_SOURCE INFORMATION_:
%%
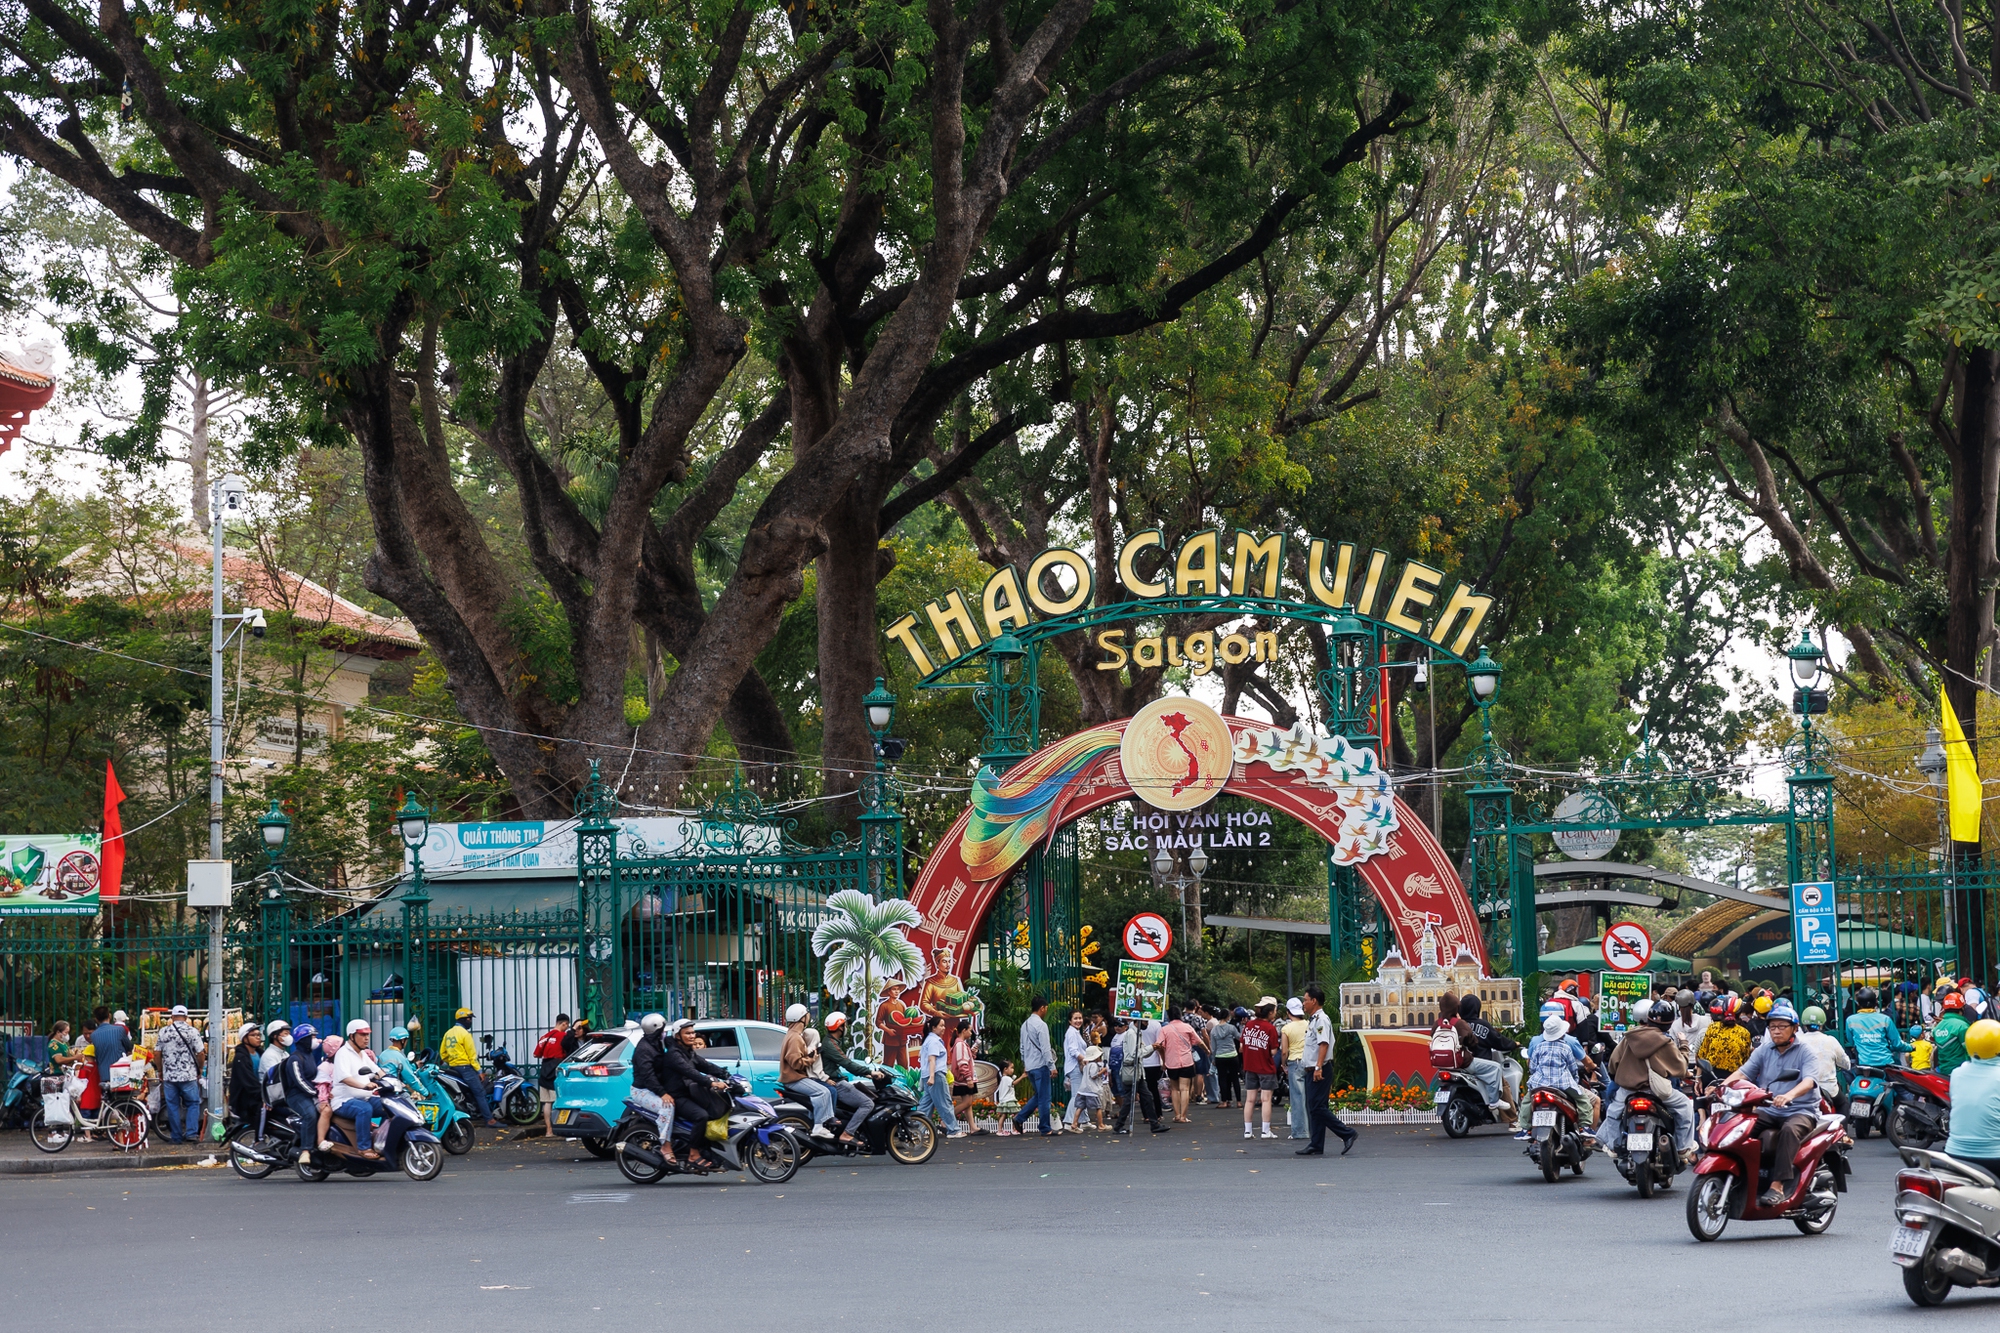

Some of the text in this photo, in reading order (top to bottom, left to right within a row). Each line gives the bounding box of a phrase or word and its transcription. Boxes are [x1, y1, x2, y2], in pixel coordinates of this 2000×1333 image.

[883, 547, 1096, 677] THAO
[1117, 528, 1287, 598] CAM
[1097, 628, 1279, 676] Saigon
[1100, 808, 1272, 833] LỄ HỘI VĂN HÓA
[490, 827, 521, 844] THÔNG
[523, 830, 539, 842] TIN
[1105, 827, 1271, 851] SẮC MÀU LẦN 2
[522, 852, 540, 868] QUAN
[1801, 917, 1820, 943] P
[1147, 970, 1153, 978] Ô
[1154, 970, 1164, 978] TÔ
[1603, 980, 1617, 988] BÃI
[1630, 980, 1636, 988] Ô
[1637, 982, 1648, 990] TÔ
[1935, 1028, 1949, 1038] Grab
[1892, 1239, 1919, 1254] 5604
%%
_WHAT IS EXPECTED_:
Print each record exactly as it stands, omitting the pictures.

_ANSWER BOX_:
Some of the text in this photo, in reading order (top to bottom, left to right within a row). Each line gives the bounding box of a phrase or word and its transcription. Boxes are [x1, y1, x2, y2], in pixel coordinates of this 2000×1333 image.

[883, 547, 1096, 677] THAO
[1117, 528, 1287, 598] CAM
[1097, 628, 1279, 676] Saigon
[1100, 808, 1272, 833] LỄ HỘI VĂN HÓA
[490, 827, 521, 844] THÔNG
[523, 830, 539, 842] TIN
[1105, 827, 1271, 851] SẮC MÀU LẦN 2
[522, 852, 540, 868] QUAN
[1801, 917, 1820, 943] P
[1147, 970, 1153, 978] Ô
[1154, 970, 1164, 978] TÔ
[1603, 980, 1617, 988] BÃI
[1630, 980, 1636, 988] Ô
[1637, 982, 1648, 990] TÔ
[1935, 1028, 1949, 1038] Grab
[1892, 1239, 1919, 1254] 5604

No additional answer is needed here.